L’enjeu du « Covid long » en pédiatrie

Un autre élément d’opinion circule çà et là. A l’instar du même communiqué de la SFP : « les jeunes enfants, même en France, sont moins infectés et hors du milieu familial, moins contagieux que le reste de la population ». Là aussi : fake news ou doute scientifique? Nul ne sait précisément. Tant il n’existe aucune donnée fiable sur la contagiosité du variant delta chez les enfants. Selon plusieurs experts, à « symptômes égaux » ils contribueraient autant que des adultes, mais ils sont moins souvent symptomatiques. Avec le variant Delta deux fois plus contagieux, même à 50% moins contagieux chez l’enfant on arrive à des risques non négligeables de tranmissibilité. Et les études comme celles menées par l’équipe d’Arnaud Fontanet (Institut Pasteur), du temps des variant non delta, montrent bien qu’avoir un enfant dans son entourage augmente le risque d’être infecté en intrafamilial (Etude EpiCov 2020). 

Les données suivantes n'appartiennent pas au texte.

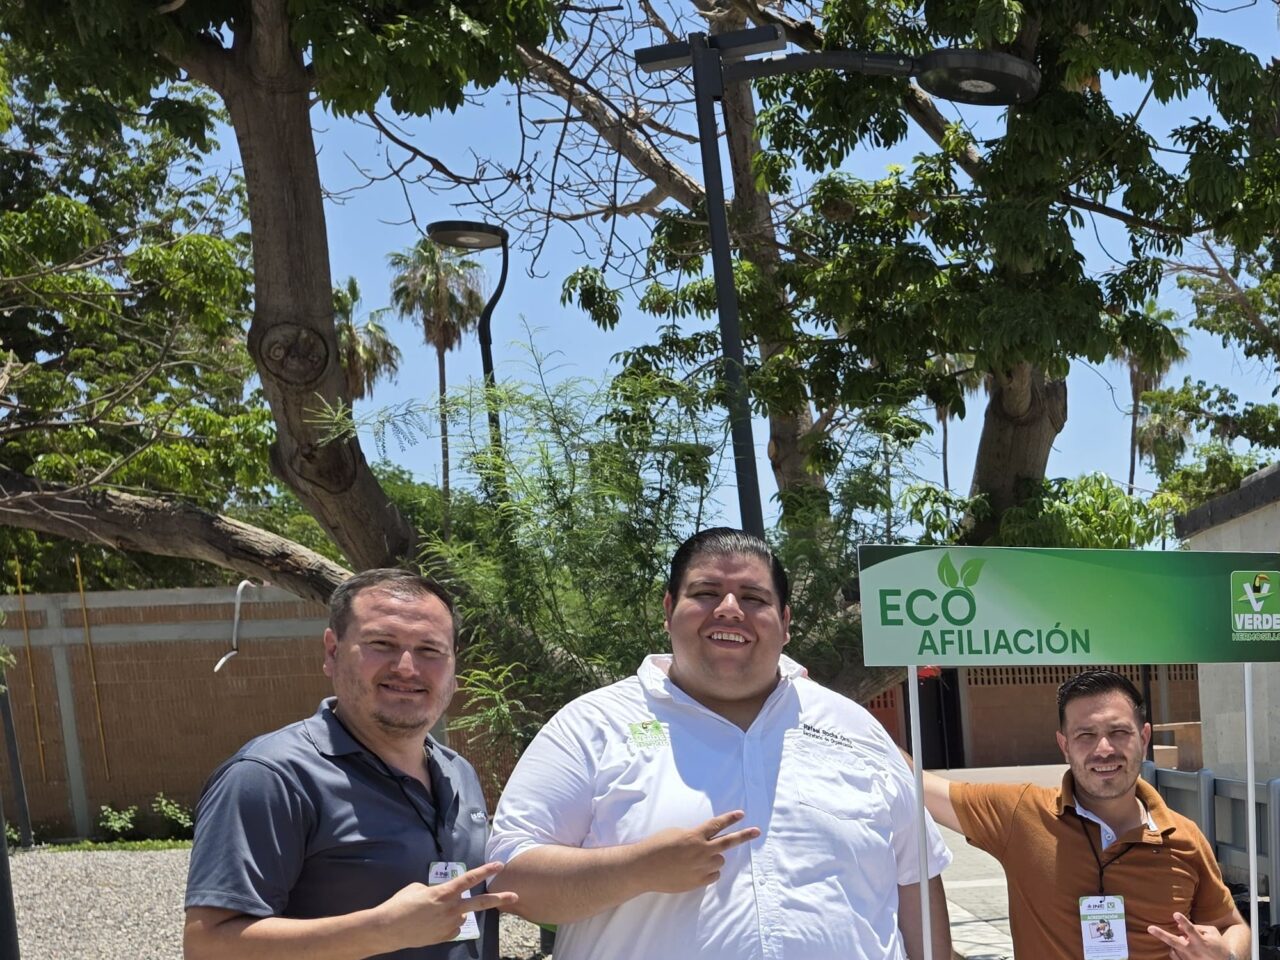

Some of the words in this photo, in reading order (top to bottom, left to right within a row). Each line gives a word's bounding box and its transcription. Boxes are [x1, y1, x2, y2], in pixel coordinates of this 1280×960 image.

[879, 586, 976, 626] ECO
[1234, 613, 1280, 630] VERDE
[917, 622, 1090, 656] AFILIACIÓN

Enfin, dernier zone de doute : les enfants de France contaminés ne développeraient que peu ou prou un « Covid long » dont le cadre nosologique reste assez flou. Nonobstant l’avis rendu par le Conseil scientifique et le conseil d’orientation de la stratégie vaccinale (COSV) le 13 septembre dernier sur les enjeux de la rentrée scolaire : « même si la fréquence est moindre, l’enjeu du « Covid long » en pédiatrie est également à prendre en compte ». Et plus encore les déclarations de « Mr Covid » aux États-Unis, Anthony Fauci, lors de la conférence de presse de lancement de la campagne vaccinale pédiatrique à la Maison blanche le 3 novembre dernier qui a souligné la réalité de cet impact à long terme, qui pourrait concerner selon lui 4 à 6% des enfants infectés. 

Comme quoi l’enfant n’est pas seulement un adulte en miniature, ce qui est la base fondatrice de la pédiatrie. Mais la défense de l’intérêt supérieur des enfants n’est le pré-carré d’aucun spécialiste, tant il concerne la société entière. Et ceux qui misent sur une circulation aléatoire du variant delta chez les plus jeunes – faute de dépistage et de tracer/isoler des enfants – pour justifier l’attentisme, aujourd’hui légitime, de la vaccination des moins de 12 ans pourraient avoir rendez-vous avec les vagues à venir.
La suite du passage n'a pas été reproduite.